Il loro linguaggio è una poesia naturale: c’è pochissimo ragionamento, poca analisi, moltissime immagini, simboli e intuizioni. Per la maggior parte sono autodidatti, spontanei e istintivi ma non per questo sprovveduti. Il fatto è che loro il mondo lo vedono e lo interpretano da dietro le sbarre di un carcere, forti solamente della scuola del loro talento: le immagini e le parole sono gli unici due strumenti che rimangono loro quando i cancelli si chiudono e – com’è gergo tra di loro – sul foglio sta scritto “fine pena mai”. Per la cronaca sono ergastolani, per il mondo sono delinquenti (anche se di molti di loro si dovrebbe, per onor di cronaca, dire che sono ex-delinquenti), per loro stessi sono rimasti bambini che ricordano i genitori, vecchi braccianti che fanno memoria delle terre della loro infanzia, uomini ancora abituati a parlarti nel loro dialetto, coi loro accenti, forti delle loro radici. Non chiedono di evadere dal carcere: chiedono la possibilità di pagare il giusto nella maniera giusta. Severino Boezio – nella sua opera La consolazione della filosofia – ci racconta quanto la filosofia fu la sua salvezza nelle carceri romane. Dietro le sbarre ogni giorno un ergastolano racconta il medesimo segreto per non impazzire: come la filosofia liberava il pensiero, così la poesia libera l’anima dalla disperazione.

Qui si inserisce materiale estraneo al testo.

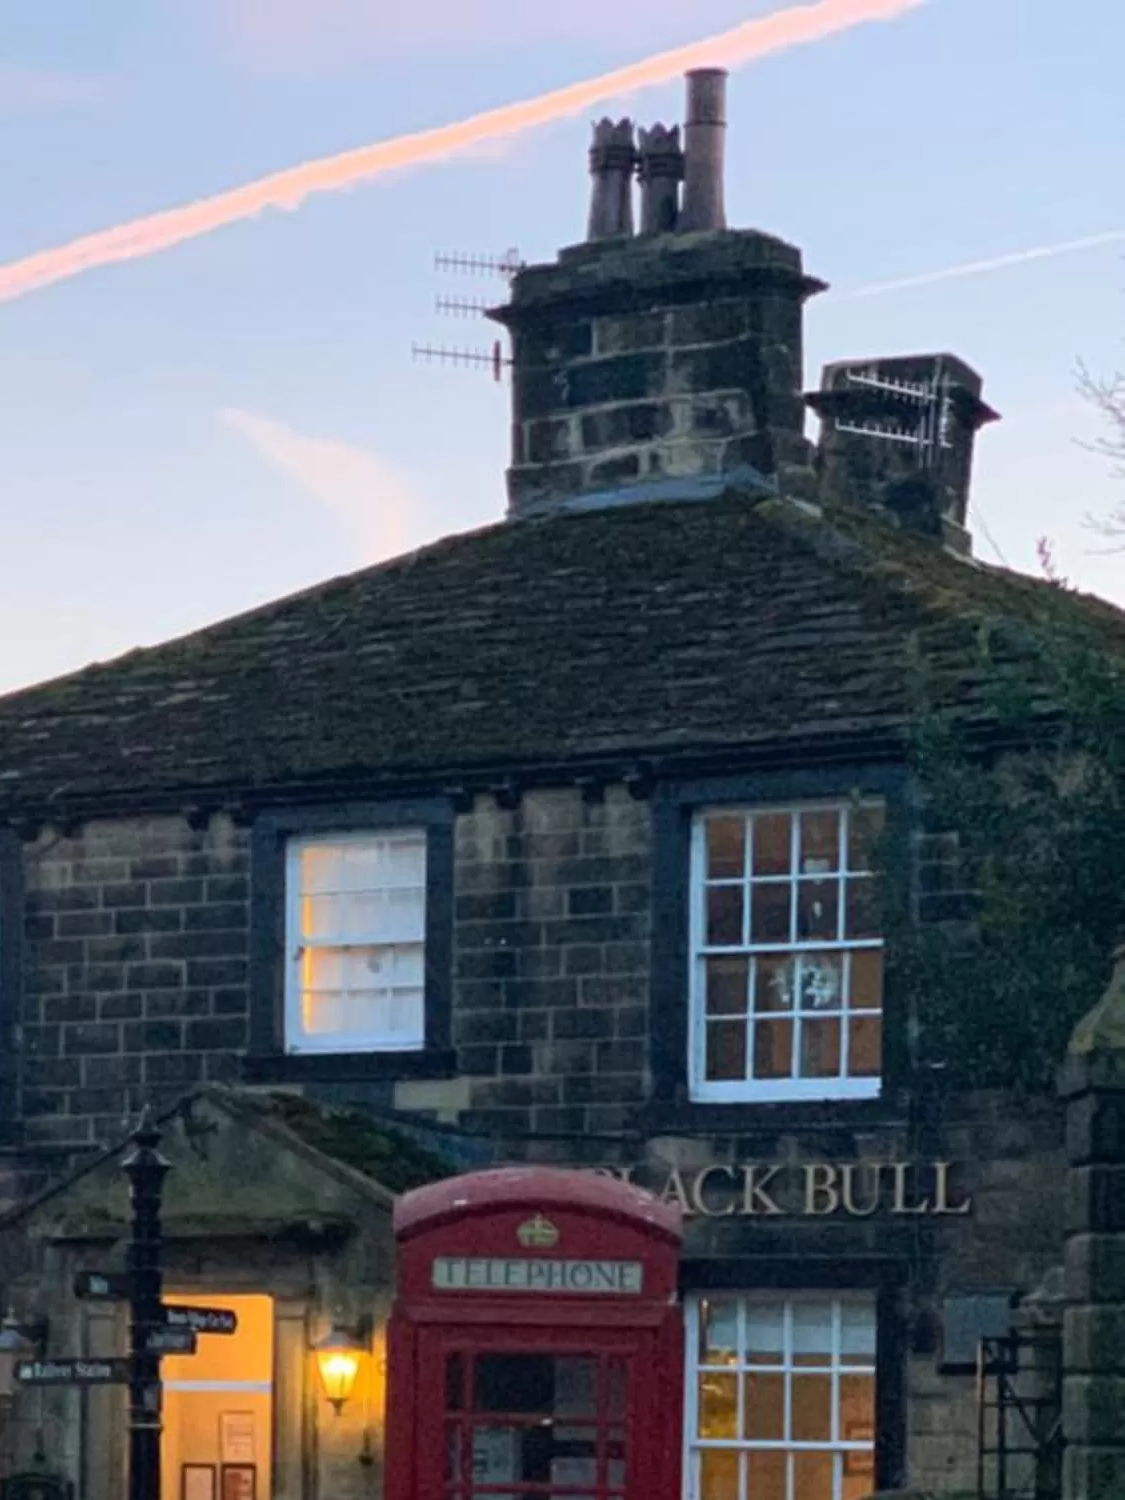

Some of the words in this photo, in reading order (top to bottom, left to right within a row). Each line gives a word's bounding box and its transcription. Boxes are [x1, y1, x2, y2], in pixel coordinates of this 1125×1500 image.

[592, 1163, 786, 1217] ACK
[802, 1160, 972, 1217] BULL
[442, 1259, 638, 1290] TELEPHONE

Il silenzio composto e pesante del carcere – laddove la gente è abituata ai tempi lunghi dell’attesa – racconta di gente che ha avuto problemi con la giustizia, di gente che ha ammazzato e violentato, sequestrato e profanato. Eppure prima di ogni crimine viene sempre la persona: che è stata bambina, che ha sofferto e sognato, sbagliato e perseverato. Etichettare l’uomo per i crimini che ha compiuto è dimenticare che dietro il volto di ognuno di loro abita una storia dalla calligrafia difficile da decifrare: storie di uomini e donne che hanno toccato il fondo della disperazione e hanno firmato la scommessa di non soccombere alla disperazione ma di tentare la difficile risalita della scarpata. E il miracolo si compie: nella ristrettezza di una cella, nel sovraffollamento di un carcere, nella disumanità di un luogo in cui è persino facile dimenticarsi l’umanità ecco fiorire capolavori inaspettati: analfabeti che diventano poeti, assassini trasformati in pittori, ergastolani capaci di pennellare la vita con colori forti. Certo: in carcere c’è anche chi s’addormenta e tace fino a fare della sua esistenza dietro le sbarre una morte pagata a rate. Eppure per dieci di cosiffatta essenza ne spicca uno che nel massimo della restrizione fa sbocciare il massimo della creatività. Perché il carcere è l’esempio più eloquente della natura umana, capace dei più inimmaginabili crimini come anche delle più inaspettate resurrezioni.
Dietro le sbarre l’articolo 21 (quello che concede la semilibertà) è l’augurio più bello perché significa riassaporare la libertà a piccoli sorsi: libertà vigilata, eppure mai così bella perché prima perduta. Poi li contempli all’opera, segregati nel grigiore creativo di una cella e pensi davvero che là dentro vive gente “ristretta” nel fisico ma libera e indipendente nel pensiero. E forse provi un pizzico di nostalgia nello scoprire quant’è complicato il mistero dell’uomo. Che fuori dal cercare s’autoconvince d’essere libero – quando invece tanti segnali lo fanno sentire in “libertà vigilata” da altri – mentre in carcere trova l’occasione per sentirsi prigioniero nel fisico ma libero e poeta nell’anima e nel pensiero.
Le sbarre dividono il mondo in liberi e detenuti. Eppure il più delle volte resta da dimostrare se la libertà autentica sia quella di chi sta dentro o di chi sta fuori.